• _PROBLEM REQUIREMENTS_
The records below are to be set down again exactly, with the pictures left out.
··· EXERCISE MATERIAL
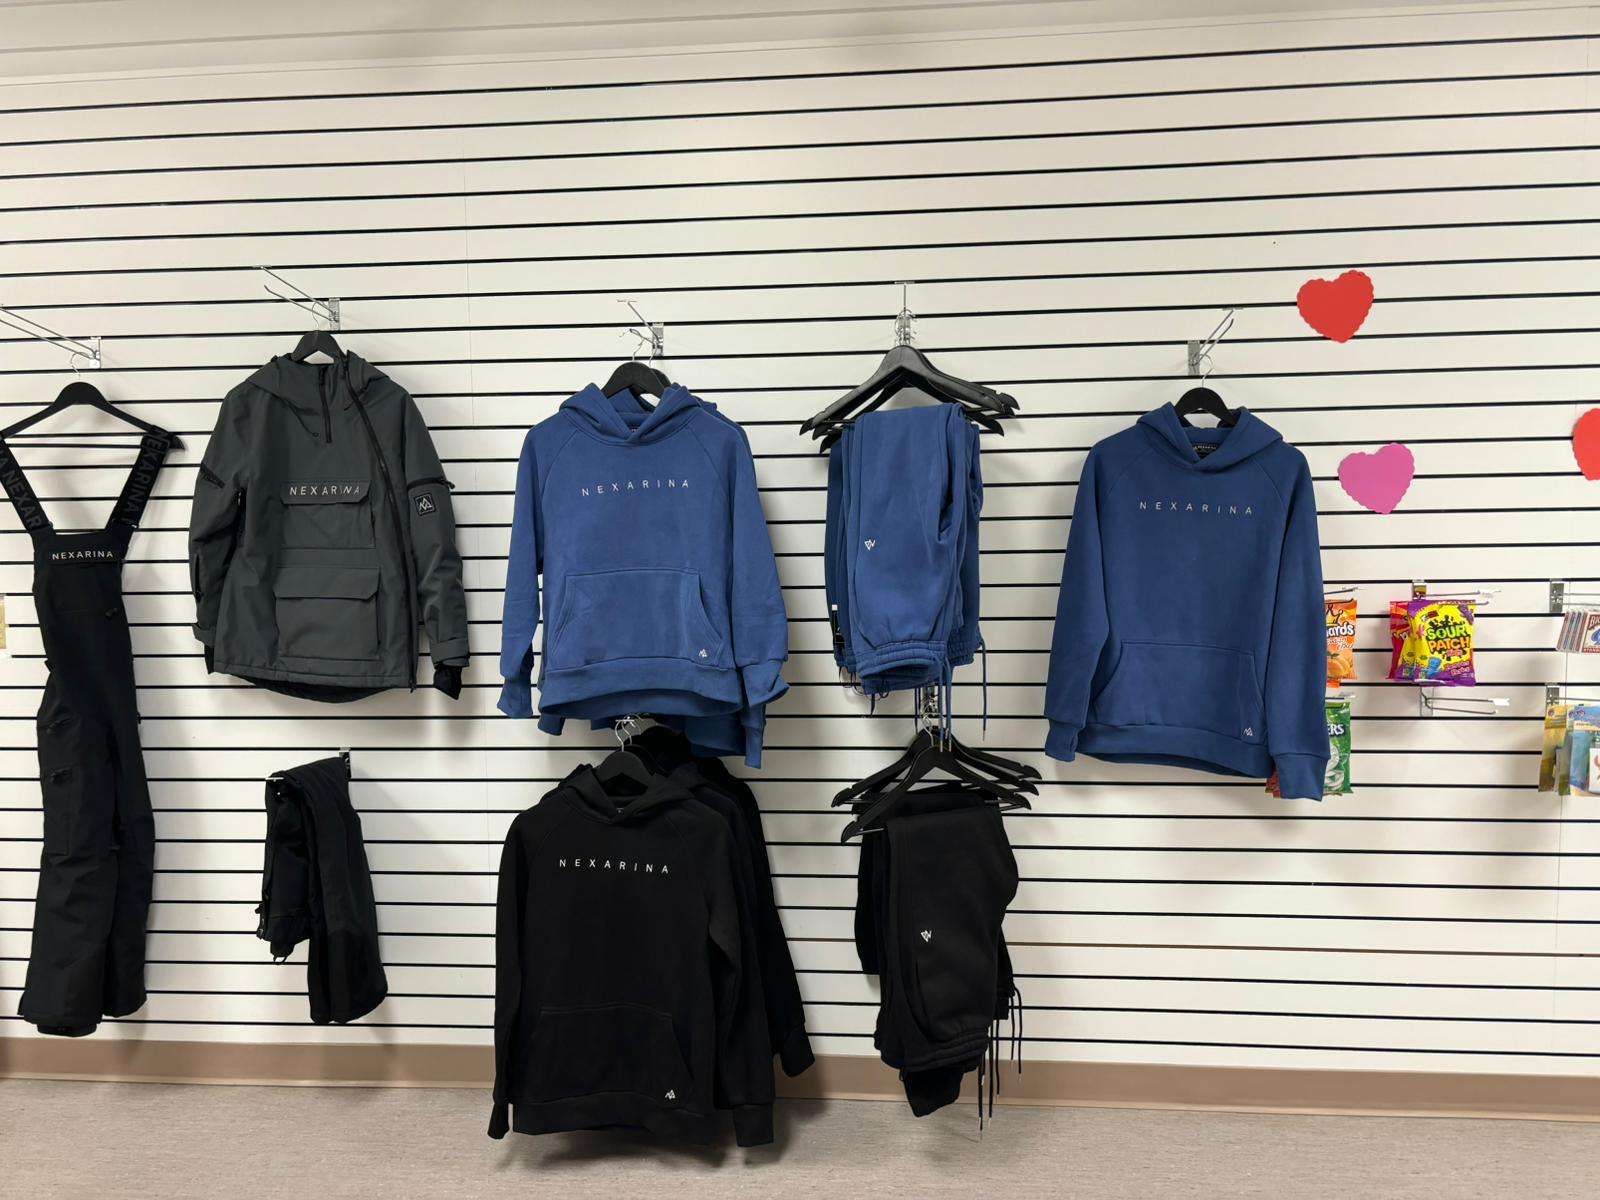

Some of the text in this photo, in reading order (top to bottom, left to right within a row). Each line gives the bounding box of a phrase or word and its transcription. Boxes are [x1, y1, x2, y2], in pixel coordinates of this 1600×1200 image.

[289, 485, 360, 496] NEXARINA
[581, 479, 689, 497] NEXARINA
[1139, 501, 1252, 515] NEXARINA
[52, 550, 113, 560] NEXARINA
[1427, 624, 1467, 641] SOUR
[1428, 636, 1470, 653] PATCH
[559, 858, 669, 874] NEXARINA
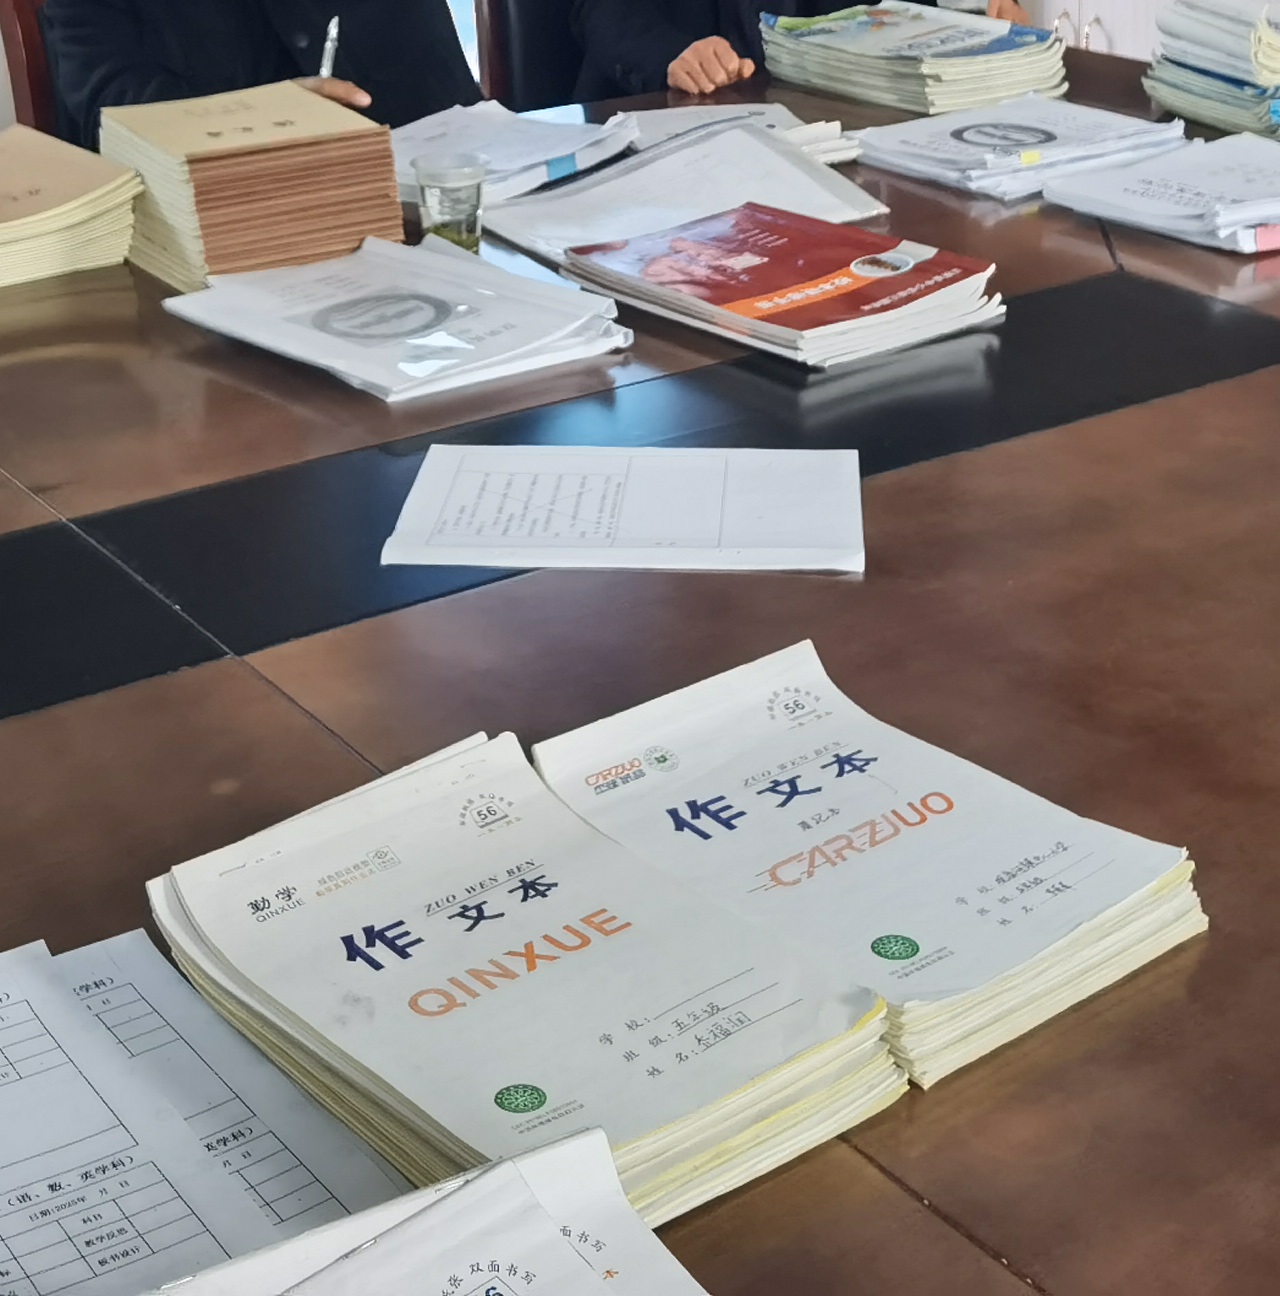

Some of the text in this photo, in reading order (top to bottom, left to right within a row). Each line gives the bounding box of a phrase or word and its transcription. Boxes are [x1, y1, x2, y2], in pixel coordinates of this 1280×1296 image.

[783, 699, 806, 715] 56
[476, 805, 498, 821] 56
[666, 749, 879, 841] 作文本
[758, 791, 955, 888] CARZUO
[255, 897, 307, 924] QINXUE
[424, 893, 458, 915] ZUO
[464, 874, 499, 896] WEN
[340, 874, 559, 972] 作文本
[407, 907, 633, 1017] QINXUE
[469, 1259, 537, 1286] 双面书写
······
• _ANSWER TO THIS TASK_
Some of the text in this photo, in reading order (top to bottom, left to right within a row). Each line gives the bounding box of a phrase or word and its transcription. Boxes are [x1, y1, x2, y2], in pixel coordinates of this 1600×1200 image.

[289, 485, 360, 496] NEXARINA
[581, 479, 689, 497] NEXARINA
[1139, 501, 1252, 515] NEXARINA
[52, 550, 113, 560] NEXARINA
[1427, 624, 1467, 641] SOUR
[1428, 636, 1470, 653] PATCH
[559, 858, 669, 874] NEXARINA

Some of the text in this photo, in reading order (top to bottom, left to right within a row). Each line gives the bounding box of a phrase or word and its transcription. Boxes are [x1, y1, x2, y2], in pixel coordinates of this 1280×1296 image.

[783, 699, 806, 715] 56
[476, 805, 498, 821] 56
[666, 749, 879, 841] 作文本
[758, 791, 955, 888] CARZUO
[255, 897, 307, 924] QINXUE
[424, 893, 458, 915] ZUO
[464, 874, 499, 896] WEN
[340, 874, 559, 972] 作文本
[407, 907, 633, 1017] QINXUE
[469, 1259, 537, 1286] 双面书写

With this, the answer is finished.